_TRY IT_
With the images removed, write out each record exactly as given.

⁂

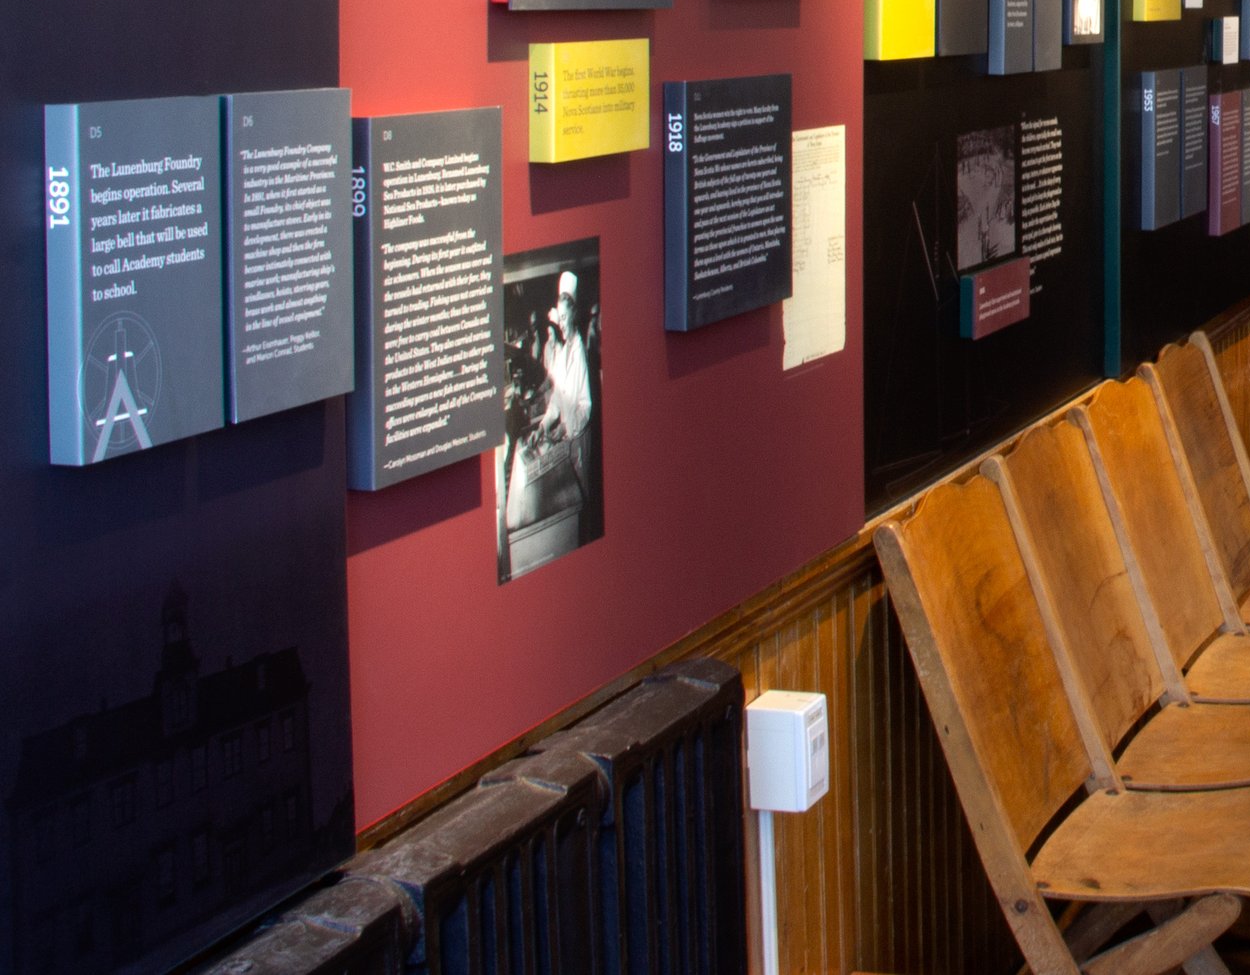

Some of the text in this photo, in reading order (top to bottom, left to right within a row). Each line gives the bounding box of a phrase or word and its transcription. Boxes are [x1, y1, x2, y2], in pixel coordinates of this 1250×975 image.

[534, 71, 548, 114] 1914
[668, 113, 682, 152] 1918
[90, 155, 202, 179] The Lunenburg Foundry
[49, 166, 70, 230] 1891
[91, 176, 204, 204] begins operation. Several
[351, 166, 366, 218] 1899
[91, 204, 202, 231] years later it fabricates a
[92, 222, 208, 253] large bell that will be used
[92, 248, 205, 277] to call Academy students
[92, 280, 137, 301] to school.

⁂

_ANSWER BELOW_
Some of the text in this photo, in reading order (top to bottom, left to right within a row). Each line gives the bounding box of a phrase or word and its transcription. Boxes are [x1, y1, x2, y2], in pixel coordinates of this 1250×975 image.

[534, 71, 548, 114] 1914
[668, 113, 682, 152] 1918
[90, 155, 202, 179] The Lunenburg Foundry
[49, 166, 70, 230] 1891
[91, 176, 204, 204] begins operation. Several
[351, 166, 366, 218] 1899
[91, 204, 202, 231] years later it fabricates a
[92, 222, 208, 253] large bell that will be used
[92, 248, 205, 277] to call Academy students
[92, 280, 137, 301] to school.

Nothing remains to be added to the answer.